Dataset records:
Content starts
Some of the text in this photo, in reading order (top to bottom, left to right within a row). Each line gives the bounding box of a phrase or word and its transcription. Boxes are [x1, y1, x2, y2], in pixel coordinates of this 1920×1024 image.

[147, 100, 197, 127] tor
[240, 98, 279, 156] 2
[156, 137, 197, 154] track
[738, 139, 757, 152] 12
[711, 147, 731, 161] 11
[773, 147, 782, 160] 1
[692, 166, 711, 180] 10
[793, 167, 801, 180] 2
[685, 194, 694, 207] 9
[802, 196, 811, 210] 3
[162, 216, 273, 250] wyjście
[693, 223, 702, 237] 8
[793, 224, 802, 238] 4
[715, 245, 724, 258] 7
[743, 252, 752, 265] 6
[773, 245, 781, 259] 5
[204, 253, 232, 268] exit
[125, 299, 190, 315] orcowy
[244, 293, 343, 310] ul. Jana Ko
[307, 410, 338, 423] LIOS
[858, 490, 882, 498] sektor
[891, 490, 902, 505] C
Content ends
● **Problem requirements**: Would you set down every entry again, exactly?

● **Finished exercise**:
Some of the text in this photo, in reading order (top to bottom, left to right within a row). Each line gives the bounding box of a phrase or word and its transcription. Boxes are [x1, y1, x2, y2], in pixel coordinates of this 1920×1024 image.

[147, 100, 197, 127] tor
[240, 98, 279, 156] 2
[156, 137, 197, 154] track
[738, 139, 757, 152] 12
[711, 147, 731, 161] 11
[773, 147, 782, 160] 1
[692, 166, 711, 180] 10
[793, 167, 801, 180] 2
[685, 194, 694, 207] 9
[802, 196, 811, 210] 3
[162, 216, 273, 250] wyjście
[693, 223, 702, 237] 8
[793, 224, 802, 238] 4
[715, 245, 724, 258] 7
[743, 252, 752, 265] 6
[773, 245, 781, 259] 5
[204, 253, 232, 268] exit
[125, 299, 190, 315] orcowy
[244, 293, 343, 310] ul. Jana Ko
[307, 410, 338, 423] LIOS
[858, 490, 882, 498] sektor
[891, 490, 902, 505] C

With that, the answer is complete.